Bridging from Cells to Cognition in Autism Pathophysiology: Biological Pathways to Defective Brain Function and Plasticity
American Journal of Biochemistry and Biotechnology 4 (2): 167-176, 2008
Matthew P. Anderson, Brian S. Hooker and Martha R. Herbert
Departments of Neurology and Pathology, Harvard Medical School/Beth Israel Deaconess Medical Center, Harvard Institutes of Medicine, High Throughput Biology Team, Fundamental Science Directorate, Pacific Northwest National Laboratory, Pediatric Neurology/Center for Morphometric Analysis, Massachusetts General Hospital/Harvard Medical School, and Center for Child and Adolescent Development, Cambridge Health Alliance/Harvard Medical School
Abstract
We review evidence to support a model where the disease process underlying autism may begin when an in utero or early postnatal environmental, infectious, seizure, or autoimmune insult triggers an immune response that increases reactive oxygen species (ROS) production in the brain that leads to DNA damage (nuclear and mitochondrial) and metabolic enzyme blockade and that these inflammatory and oxidative stressors persist beyond early development (with potential further exacerbations), producing ongoing functional consequences. In organs with a high metabolic demand such as the central nervous system, the continued use of mitochondria with damaged DNA and impaired metabolic enzyme function may generate additional ROS which will cause persistent activation of the innate immune system leading to more ROS production. Such a mechanism would self-sustain and possibly progressively worsen.
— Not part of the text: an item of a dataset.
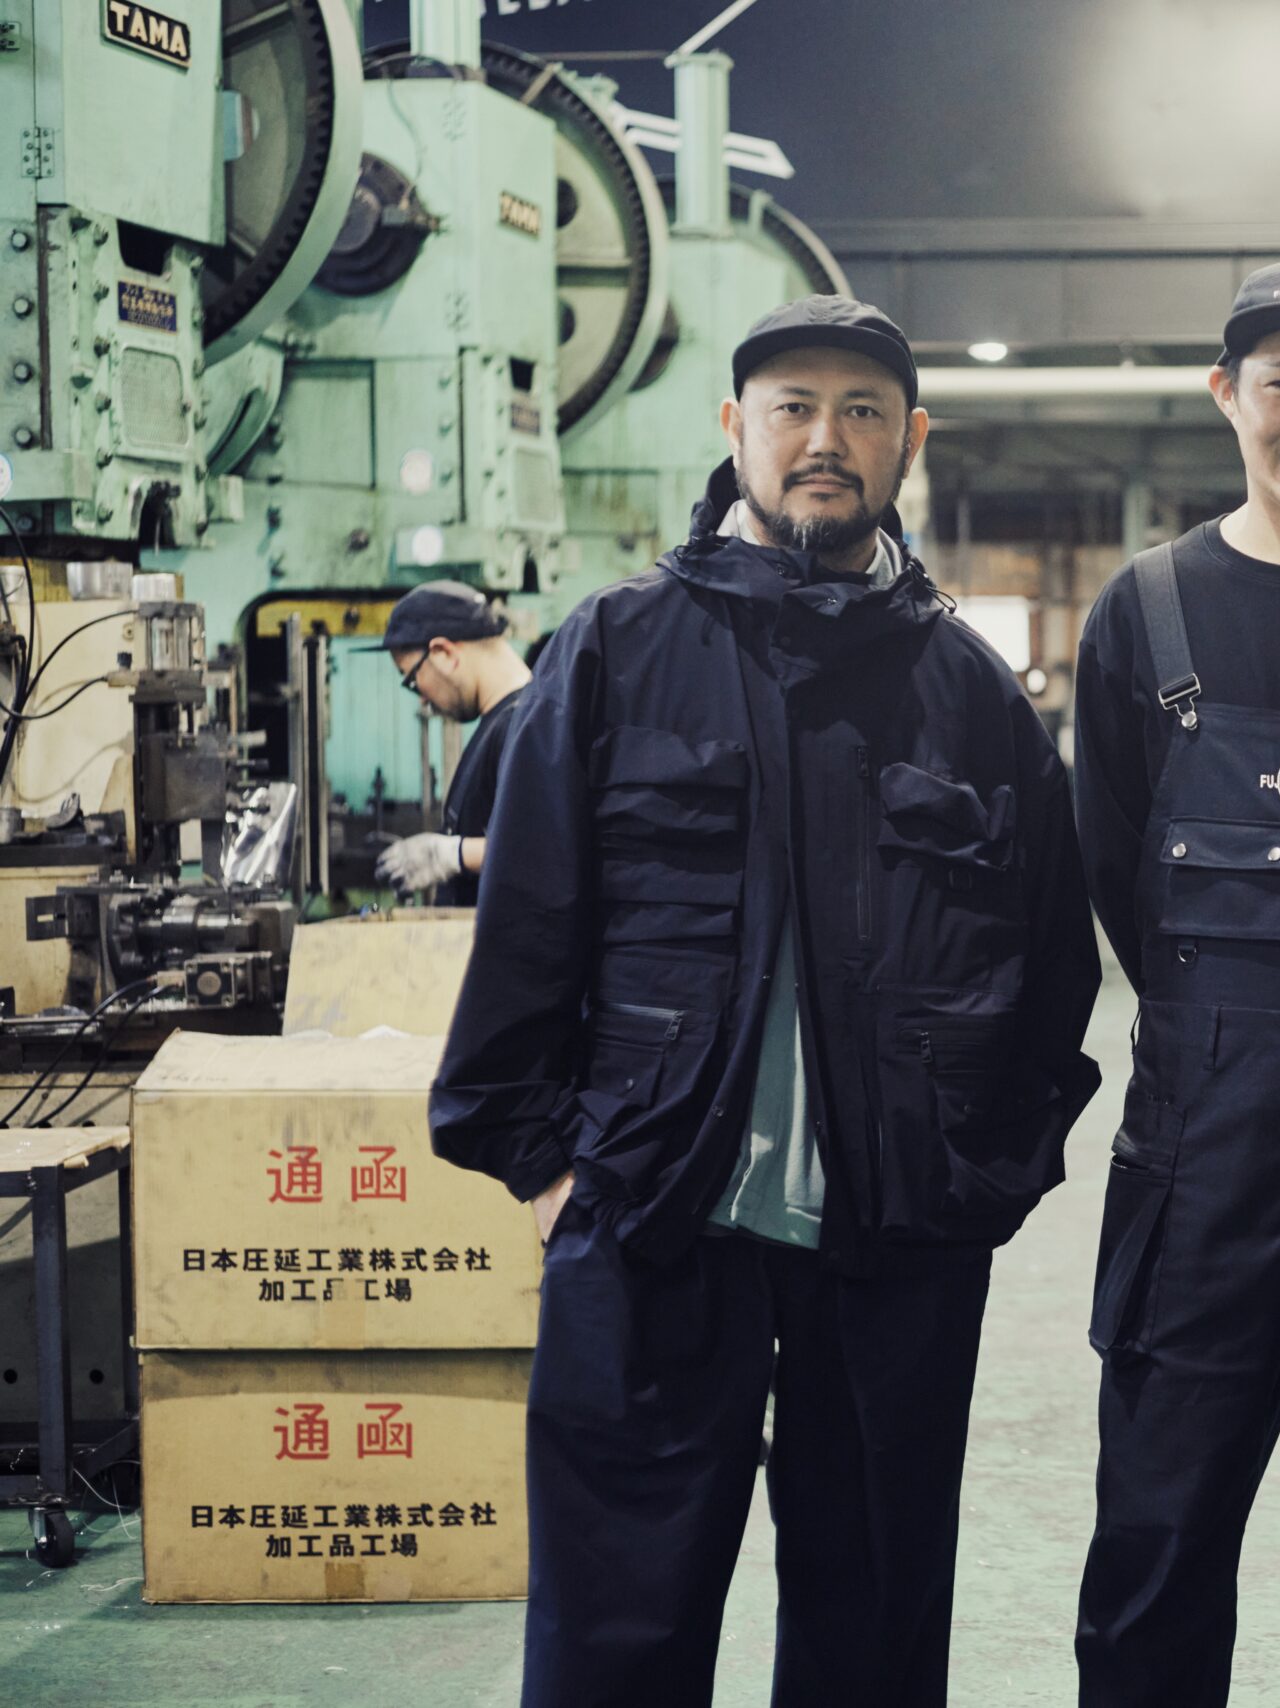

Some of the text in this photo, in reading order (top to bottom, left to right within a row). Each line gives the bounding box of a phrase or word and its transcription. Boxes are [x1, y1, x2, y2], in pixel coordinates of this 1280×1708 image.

[110, 0, 188, 57] TAMA
[182, 1247, 493, 1273] 日本圧延工業株式会社
[190, 1502, 498, 1529] 日本圧延工業株式会社
[265, 1533, 419, 1558] 加工品工場
The mitochondrial dysfunction and altered redox signal transduction pathways found in autism would conspire to activate both astroglia and microglia. These activated cells can then initiate a broad-spectrum proinflammatory gene response. Beyond the direct effects of ROS on neuronal function, receptors on neurons that bind the inflammatory mediators may serve to inhibit neuronal signaling to protect them from excitotoxic damage during various pathologic insults (e.g., infection). In autism, over-zealous neuroinflammatory responses could not only influence neural developmental processes, but may more significantly impair neural signaling involved in cognition in an ongoing fashion. This model makes specific predictions in patients and experimental animal models and suggests a number of targets sites of intervention. Our model of potentially reversible pathophysiological mechanisms in autism motivates our hope that effective therapies may soon appear on the horizon.